ZOLLVEREIN

Jake Sickich

Demand for Integration- In the early nineteenth century, interstate commerce in Germany was devastated by “poor communications and a multitude of antiquated trade restrictions”. Roads were “notoriously poor” and duties were collected at town gates, markets, and on the roads and rivers. “Some eighteen hundred customs frontiers existed in Germany”. New technologies added to the demand.

 New Technologies- 1. River transport: steamboat

                         2. Railway: “provided the single most powerful stimulus to                                         Germany’s industrial development and growth”.   

Enlargement Issue- The kingdoms, electorates and duchies that eventually made up the Zollverein did not want to give up their sovereign rights and refused to join the Zollverein until they fell on economic hardships. Prussia’s external tariff weakened neighboring territories through raised price of Prussian exported manufactured goods and limited access of imports to the Prussian market.

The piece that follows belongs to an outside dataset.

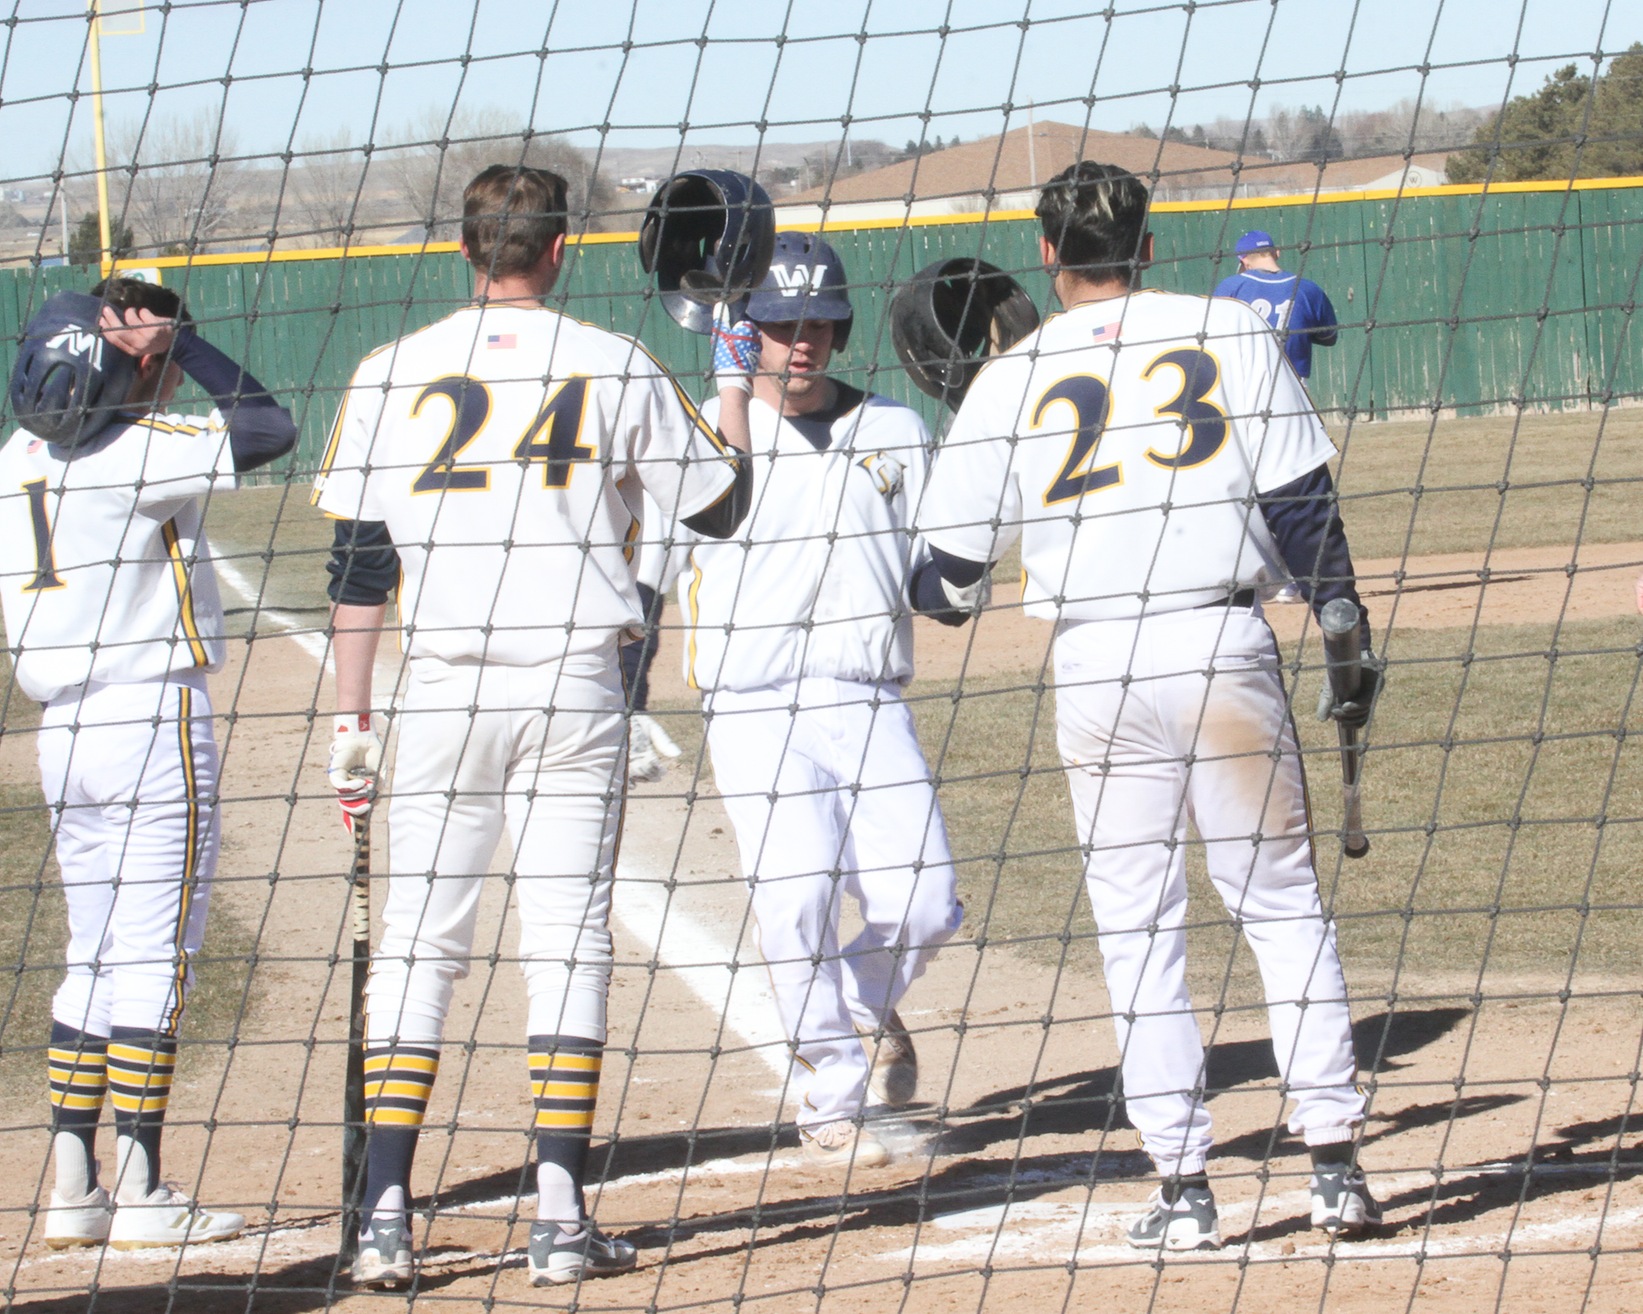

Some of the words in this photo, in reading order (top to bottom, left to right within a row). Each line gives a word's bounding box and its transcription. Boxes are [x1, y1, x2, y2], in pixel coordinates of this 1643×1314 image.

  Sequence of events leading to accession: 1. Loss of easy access to the large market,        2. Economic deterioration, 3. Economic merger with Prussia

  3 other customs unions: 1. Bavaria and Württemberg, 2. Middles German Commercial Union, 3. The Tax Union

Why did Prussia create the customs union? Post-Napoleon, Prussia’s neighbors reverted to “narrow economic nationalism”. Prussia needed to create the customs union in order to gain international bargaining position.

-Prussia eventually gained enough power to where it forced neighboring states into concessions in commercial and navigation treaties. 

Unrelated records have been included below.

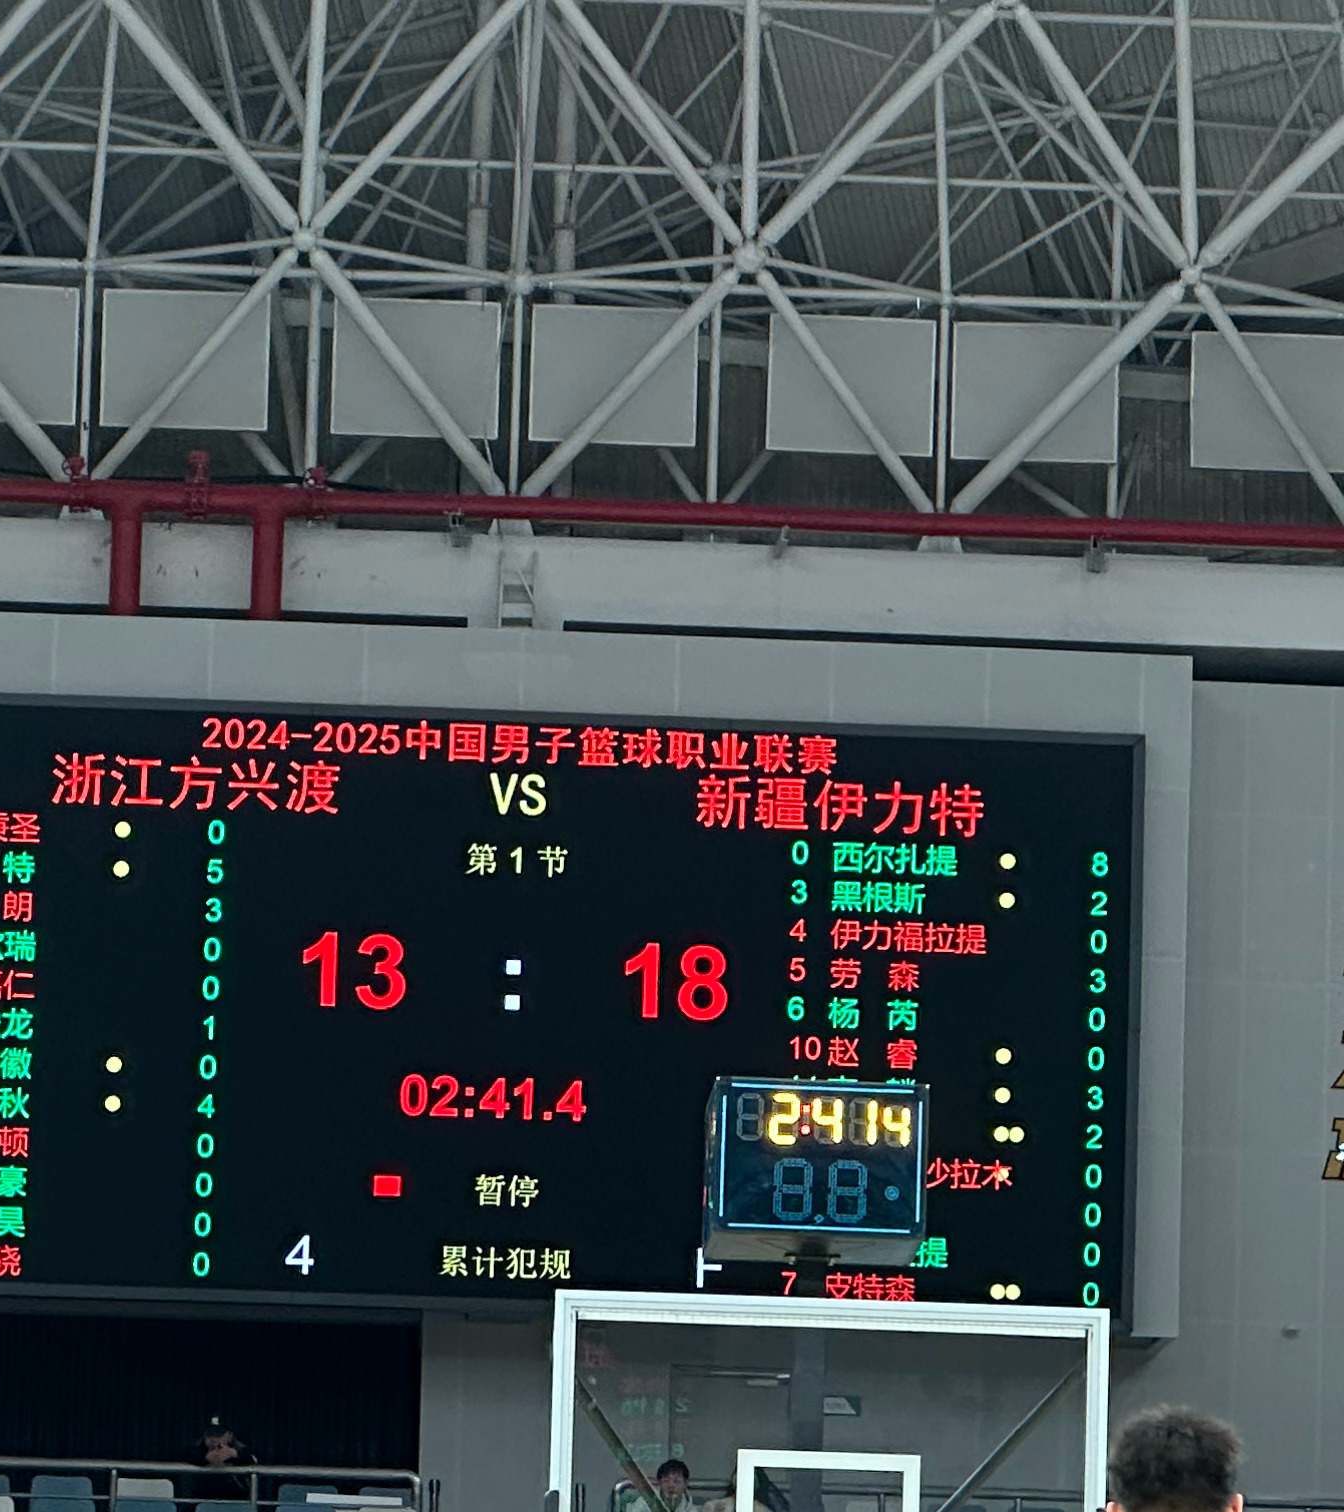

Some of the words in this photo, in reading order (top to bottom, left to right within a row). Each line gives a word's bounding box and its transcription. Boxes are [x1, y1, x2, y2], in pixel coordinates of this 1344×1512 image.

[202, 718, 837, 775] 2024-2025中国男子篮球职业联赛
[52, 753, 341, 815] 浙江方兴渡
[490, 773, 547, 816] VS
[696, 776, 985, 838] 新疆伊力特
[208, 820, 225, 844] 0
[792, 841, 808, 864] 0
[833, 842, 957, 876] 西尔扎提
[1092, 852, 1108, 876] 8
[207, 859, 223, 883] 5
[206, 898, 222, 922] 3
[791, 880, 807, 904] 3
[832, 881, 925, 914] 黑根斯
[1091, 891, 1107, 916] 2
[790, 919, 806, 942] 4
[831, 919, 986, 954] 伊力福拉提
[1091, 930, 1107, 953] 0
[204, 937, 221, 961] 0
[303, 932, 407, 1011] 13
[624, 943, 729, 1021] 18
[790, 958, 806, 981] 5
[1090, 969, 1106, 993] 3
[203, 976, 219, 1000] 0
[788, 996, 804, 1020] 6
[1089, 1008, 1105, 1031] 0
[204, 1016, 214, 1040] 1
[790, 1036, 821, 1060] 10
[1088, 1047, 1104, 1071] 0
[200, 1055, 216, 1079] 0
[198, 1094, 214, 1118] 4
[400, 1074, 587, 1123] 02:41.4
[1088, 1086, 1103, 1110] 3
[197, 1134, 214, 1158] 0
[1086, 1125, 1102, 1149] 2
[196, 1173, 212, 1197] 0
[1086, 1164, 1102, 1188] 0
[476, 1174, 539, 1208] 暂停
[195, 1212, 211, 1236] 0
[1085, 1203, 1101, 1227] 0
[193, 1252, 209, 1276] 0
[284, 1235, 315, 1275] 4
[441, 1246, 571, 1280] 累计犯规
[1084, 1242, 1100, 1266] 0
[1083, 1281, 1099, 1305] 0

Failed European integration schemes: Projects for European customs union in 1890s

  Triggered by negative externalities: 1. U.S. protectionism, 2. competitive pressure from American industrial conglomerates, trusts

McKinley Tariff Act of 1890: 1. Imposed duties on U.S. products, 2. freely admitted sugar, molasses, tea, coffee, and raw hide from Latin America in exchange for preferential duties on specific American goods. This redirected trade of Latin American countries from Europe to the U.S.

American Trusts: became powerful, gained ability to undersell competitors abroad  

European Response: Several attempts to create a “European Zollverein” failed due to lack of an undisputed leader and the absence of demand to integrate by business. European countries were left to fight for themselves against the “American Menace”.